Suatu kali, ketika ditugaskan meliput ke daerah konflik, aku tak mengabari ibuku. Sebenarnya selalu begitu setiap kali aku mendapatkan assignment yang bikin sport jantung. Aku tak ingin ibu dan bapakku khawatir. Tapi akhirnya mereka tahu, dan aku mendengar suara ibuku menangis di ujung telepon. “Kami hanya ingin mendoakanmu,” kata ibuku. Begitu rupanya. Mereka tidak mengkhawatirkanku. Mereka hanya ingin mengirimkan doa yang lebih banyak dari biasanya.
Jadi begitu, River. Cinta orangtua itu tak akan bisa kamu hitung dengan kalkulator paling canggih sekali pun. Sebagai anak, kita pun sebenarnya begitu. Tapi kadang ada saja saat kita merasa risih untuk mengungkapkan cinta kita kepada orangtua.
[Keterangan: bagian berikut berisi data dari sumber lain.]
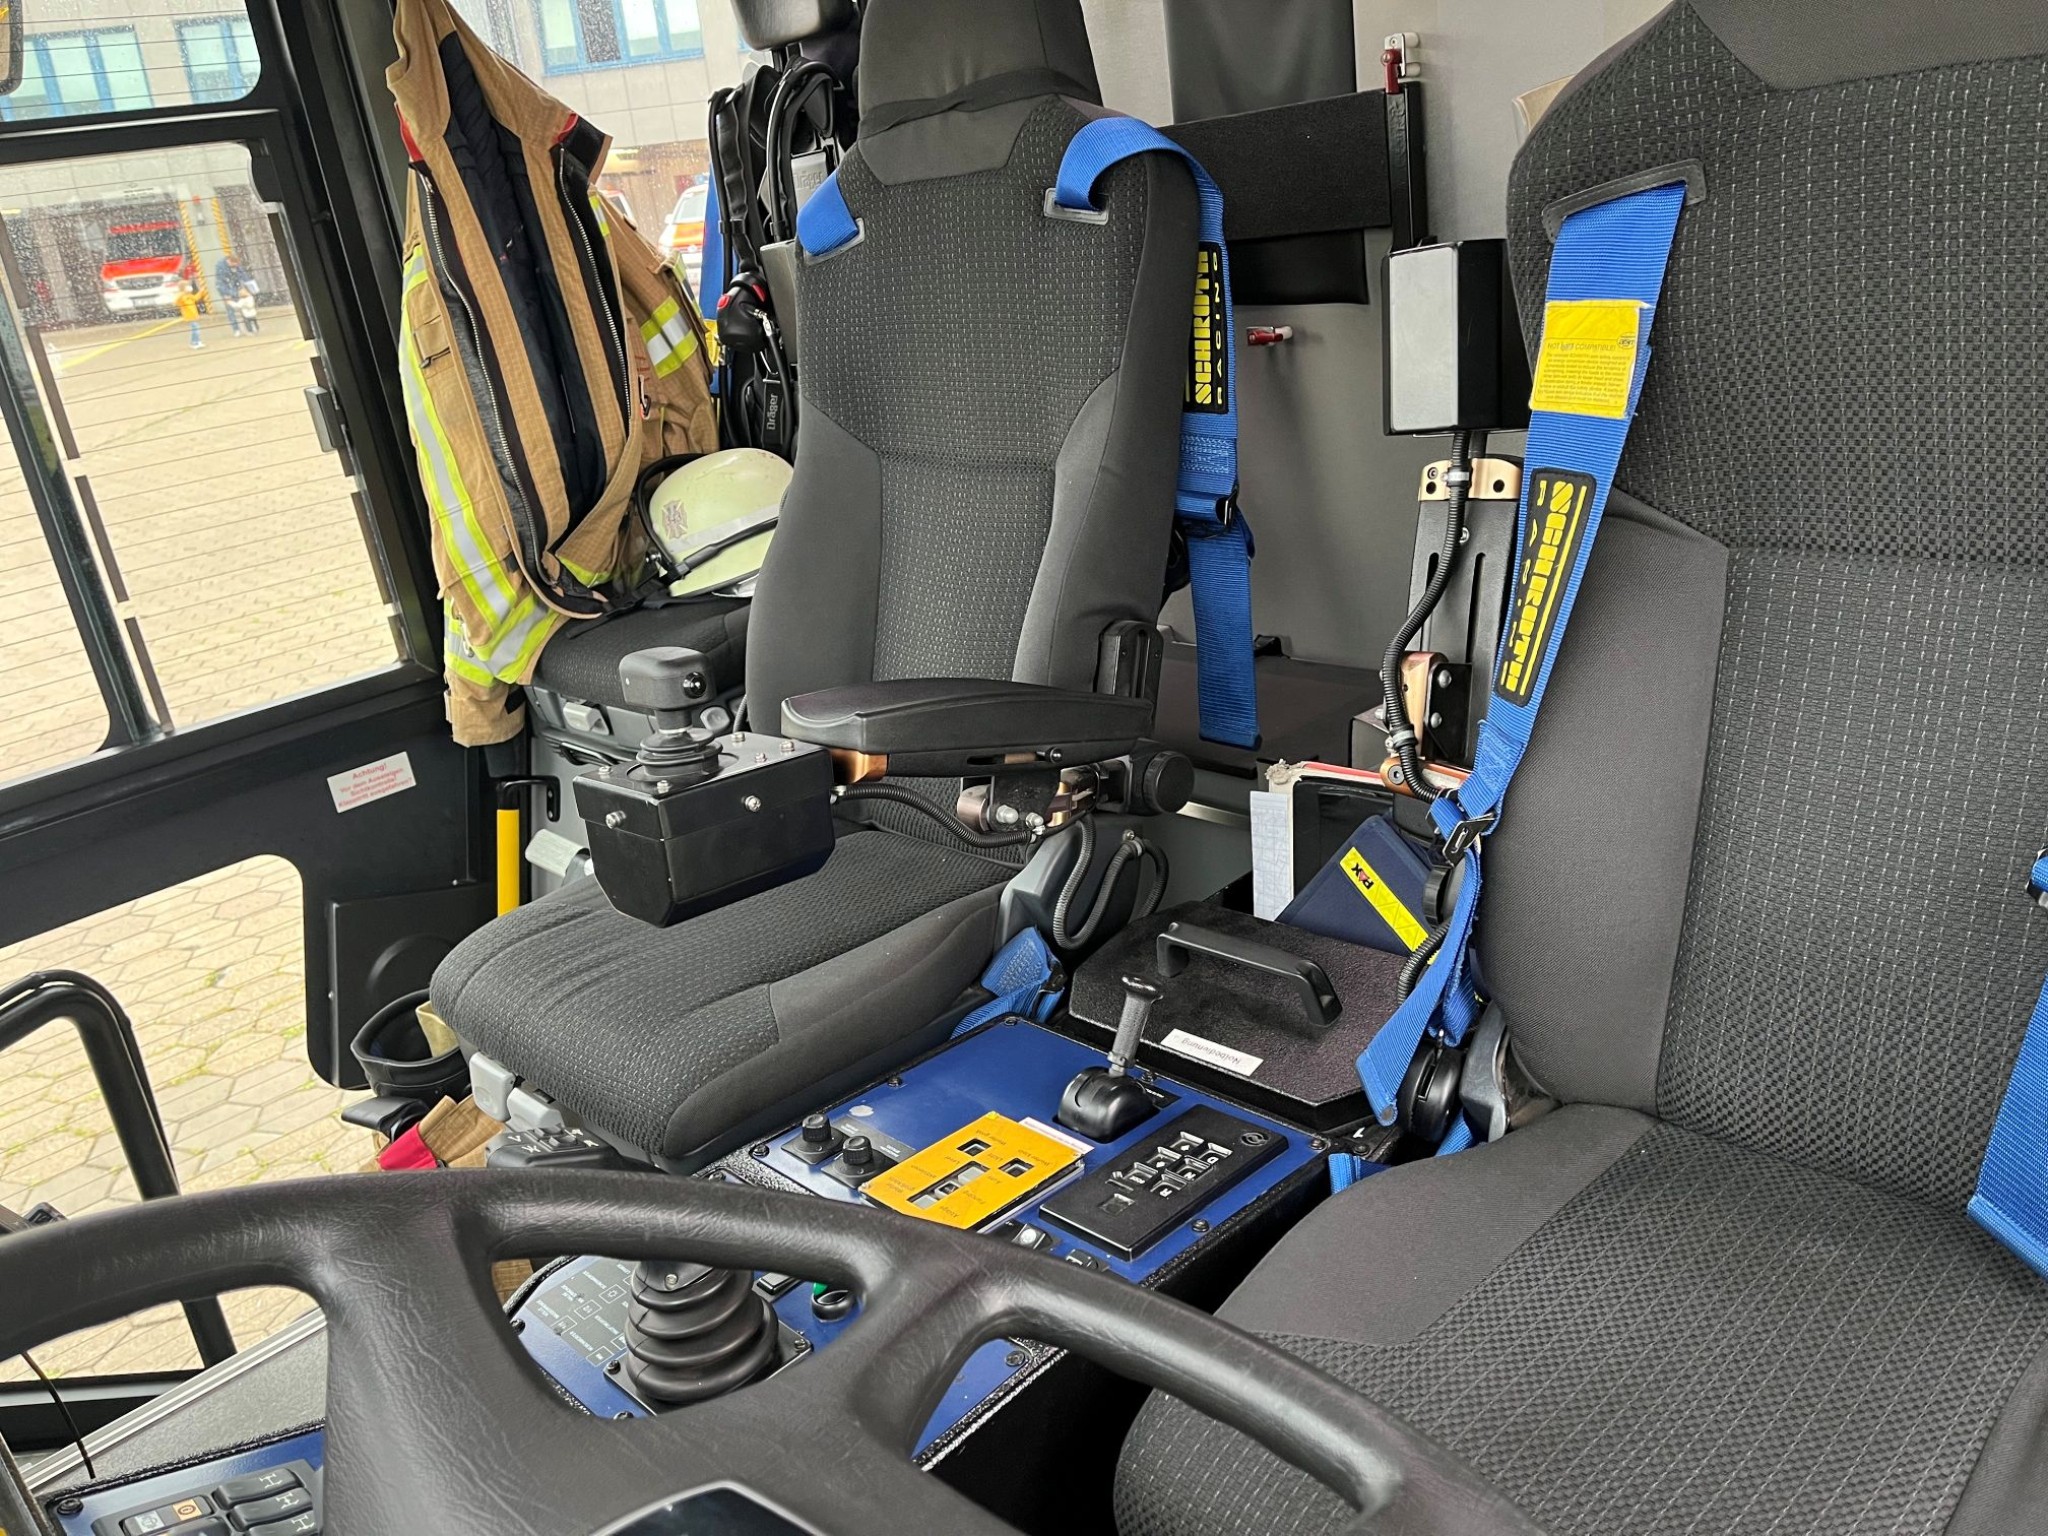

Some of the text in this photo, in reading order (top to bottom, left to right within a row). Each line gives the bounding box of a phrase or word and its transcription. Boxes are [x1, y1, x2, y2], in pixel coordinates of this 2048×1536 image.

Akan ada suatu masa di mana kamu mungkin akan merasa malu ketika ibumu menciummu di depan teman-temanmu, seolah-olah dengan itu akan membuatmu tampak seperti anak manja.
Akan ada saat di mana mungkin kita akan berselisih paham, dan kamu berniat meninggalkan rumah. Aku pernah. Semalaman aku menghilang dan akhirnya menjelang subuh aku kembali mengetuk pintu dan mendapati Bapak duduk di ruang tamu, terkantuk-kantuk menungguku untuk membukakan pintu. Saat itu aku ingin memeluknya dan bilang, “aku pulang karena aku mencintaimu”, tapi egoisme masa remaja menahanku untuk mengatakan itu.
Dahulu kala, seorang raja bertanya kepada penasihatnya, “Kapankah waktu yang paling penting?”
Penasihatnya menjawab, “Tak ada waktu yang lebih penting daripada saat ini. Semenit lagi mungkin akan terlambat. Sejam lagi mungkin sudah terlambat. Sehari lagi mungkin sudah terlambat.”
Dan itulah sebabnya kenapa akhirnya aku menyesal tidak mengatakan “aku mencintaimu” pada saat aku ingin mengatakannya. Bapak sudah di surga, dan aku hanya bisa berharap dia bisa mendengarku. Aku mencintaimu, Bapak…
Seorang guruku pernah menceritakan ini kepadaku. Karena tuntutan pekerjaan, beliau ini –sebut saja namanya Pak Maman, tinggal di Jakarta, sementara ayahnya tinggal di Bandung bersama adiknya. Ayahnya ini sudah tua dan pikun. Suatu hari Pak Maman pulang ke Bandung untuk menengok ayahnya dan sekaligus berziarah ke makam ibunya. Setidaknya dua kali dalam sebulan Pak Maman selalu menyempatkan diri untuk pulang. Setelah beberapa hari di Bandung, Pak Maman akhirnya kembali ke Jakarta.
Setibanya di Jakarta Pak Maman langsung menuju kantornya untuk kembali bekerja. Tiba-tiba handphone-nya berbunyi. Dari rumah. Adiknya yang menelepon.
“Ada apa?” tanyanya gusar, menyangka telah terjadi apa-apa dengan ayahnya.
“Bapak ingin bicara,” kata adiknya.
Lalu dia mendengar suara ayahnya yang lirih tapi masih jelas terdengar.
“Bapak kangen, kamu kapan pulang? Sudah lama kamu tidak pulang ke Bandung…”
Setelah menutup telepon, Pak Maman bergegas ke terminal, mengejar bis terakhir yang akan membawanya kembali ke Bandung. Dia tidak berusaha untuk menjelaskan kepada ayahnya bahwa dia baru saja tiba dari Bandung dan mereka sudah bertemu. Dia tidak menyalahkan ingatan ayahnya yang digerogoti demensia. Yang dia tahu, ayahnya rindu dan dia harus pulang. Begilah caranya menyatakan cinta.
Inilah cerita yang semoga akan mengajarkan kita agar tak pernah sungkan untuk menyatakan cinta kepada orangtua, betapapun mereka tidak lagi bisa mendengarkan, merasakan, atau bahkan mengingat.